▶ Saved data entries
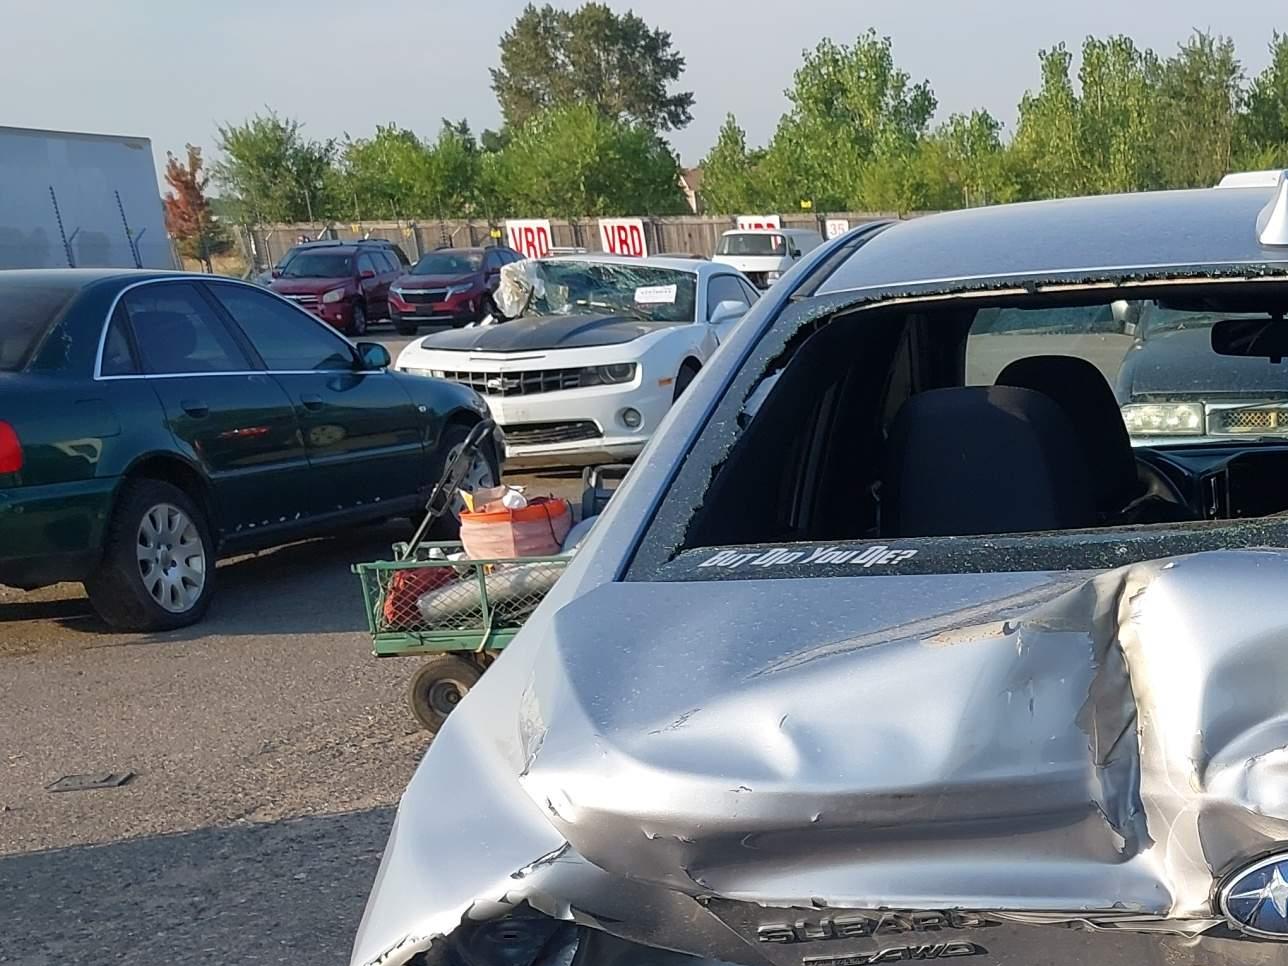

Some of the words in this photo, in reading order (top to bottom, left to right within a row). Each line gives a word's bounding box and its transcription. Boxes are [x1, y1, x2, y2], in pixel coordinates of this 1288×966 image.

[511, 226, 550, 259] VRD
[604, 225, 643, 257] VRD
[868, 940, 988, 964] AWD
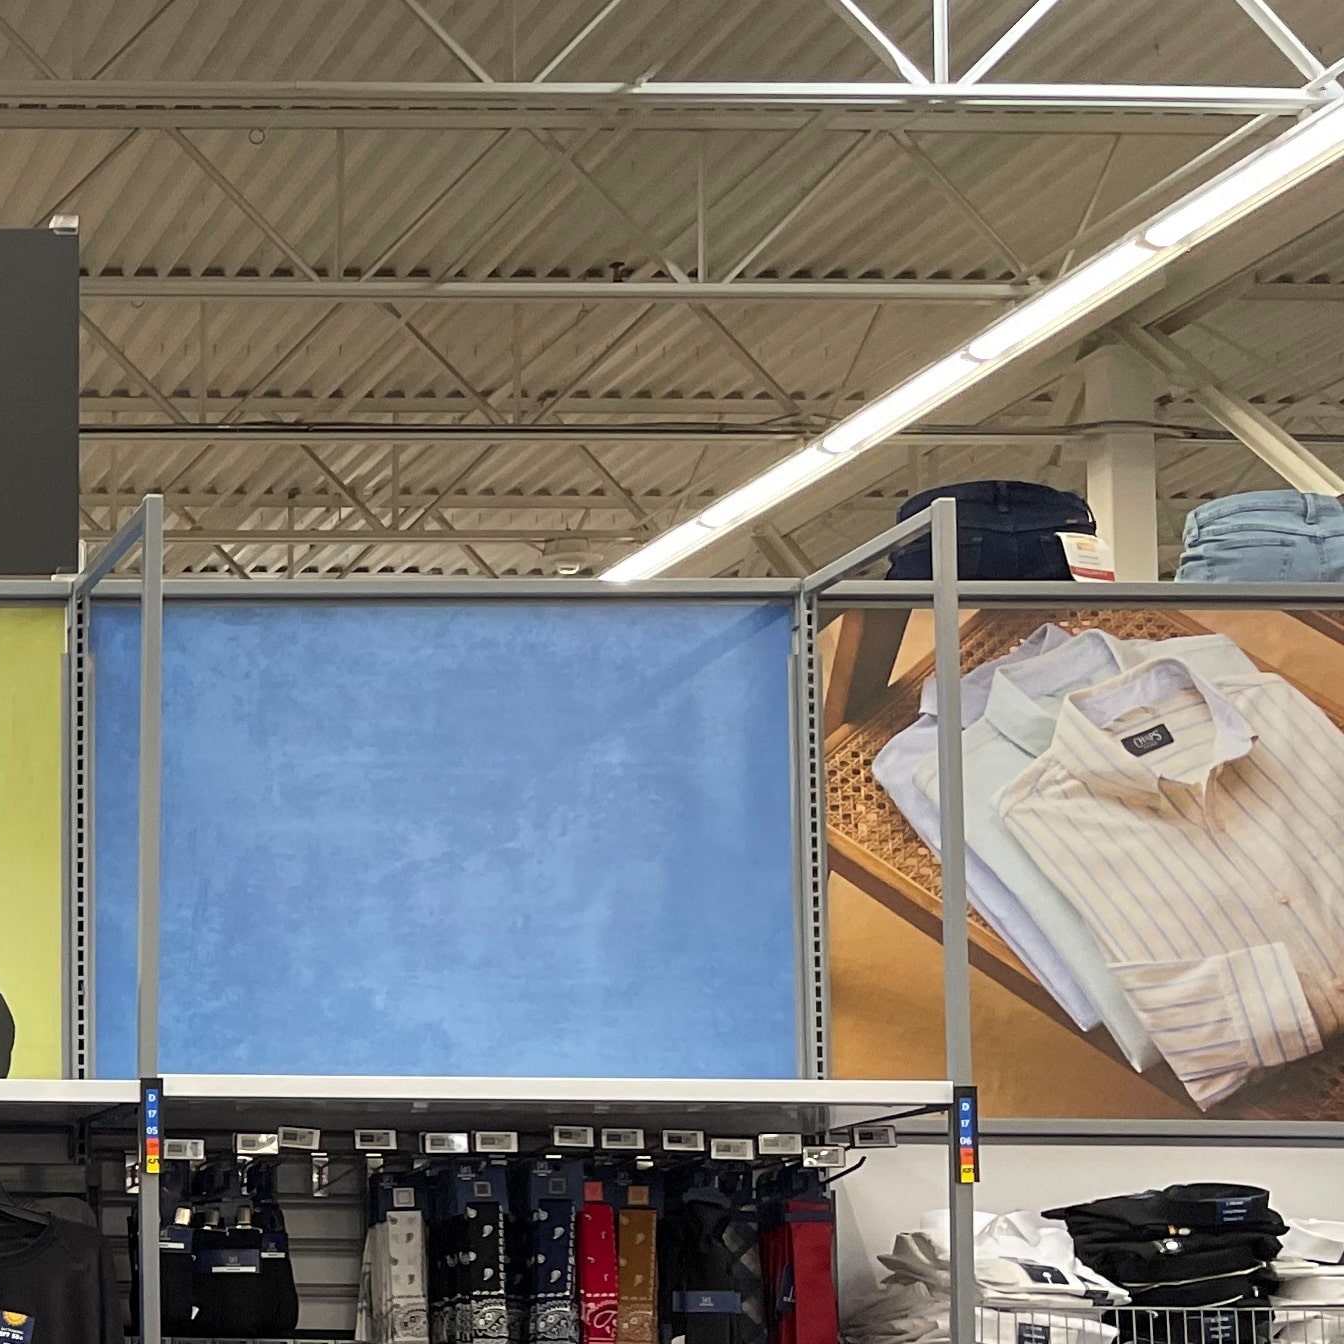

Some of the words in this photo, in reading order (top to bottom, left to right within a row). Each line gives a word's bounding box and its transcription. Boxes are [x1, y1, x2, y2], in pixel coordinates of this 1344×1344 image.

[148, 1093, 156, 1102] D
[961, 1102, 970, 1111] D
[148, 1110, 157, 1118] 17
[961, 1119, 970, 1128] 17
[146, 1126, 158, 1135] 05
[960, 1137, 972, 1145] 06
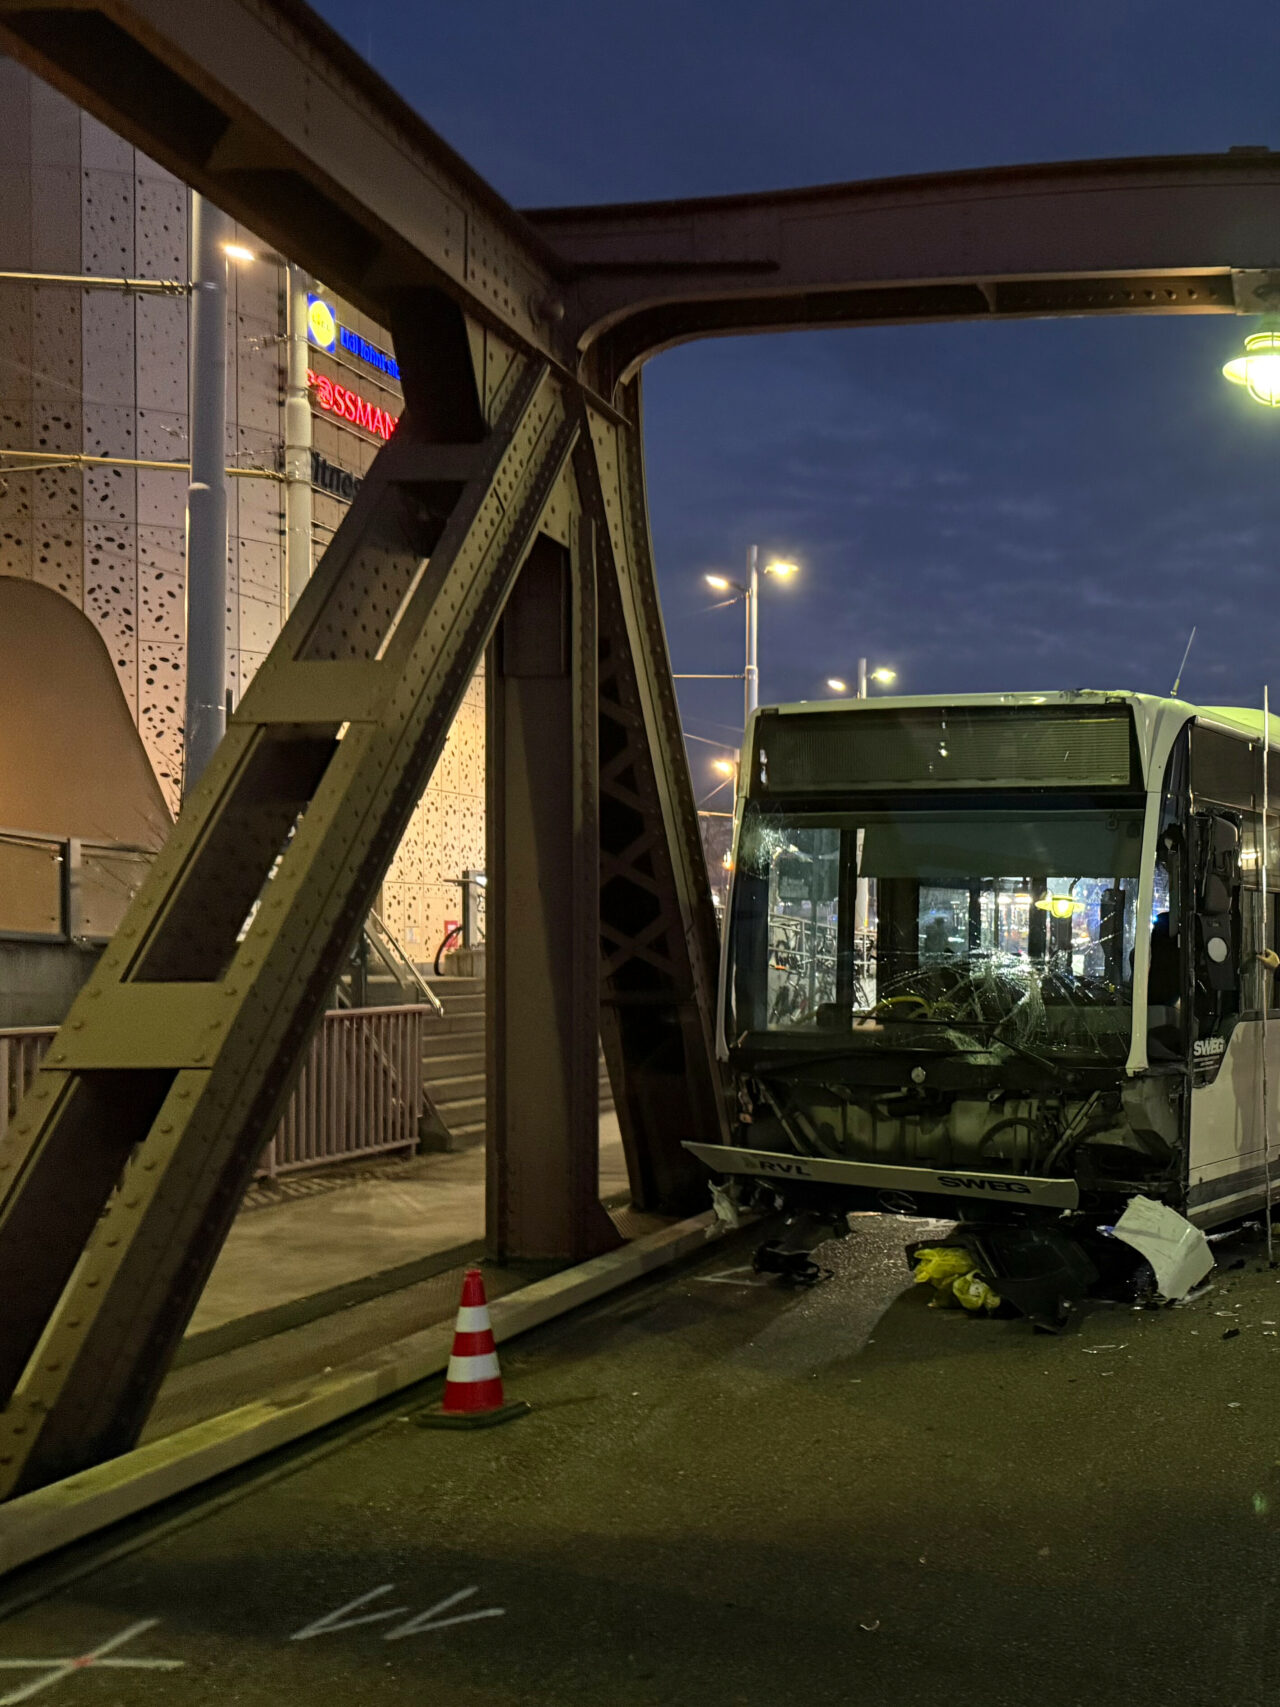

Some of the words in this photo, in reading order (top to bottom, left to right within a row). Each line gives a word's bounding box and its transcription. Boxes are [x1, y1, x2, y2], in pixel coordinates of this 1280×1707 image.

[339, 326, 359, 355] Lidl
[1193, 1038, 1225, 1056] SWEG
[759, 1160, 813, 1176] RVL
[936, 1176, 1031, 1194] SWEG

▶ GOAL OF THE EXERCISE
Copy out exactly the lines running from the line with "this 1280×1707 image." to the end of the records, inclusive.

▶ OUTPUT OF THE EXERCISE
Some of the words in this photo, in reading order (top to bottom, left to right within a row). Each line gives a word's bounding box and its transcription. Boxes are [x1, y1, x2, y2], in pixel coordinates of this 1280×1707 image.

[339, 326, 359, 355] Lidl
[1193, 1038, 1225, 1056] SWEG
[759, 1160, 813, 1176] RVL
[936, 1176, 1031, 1194] SWEG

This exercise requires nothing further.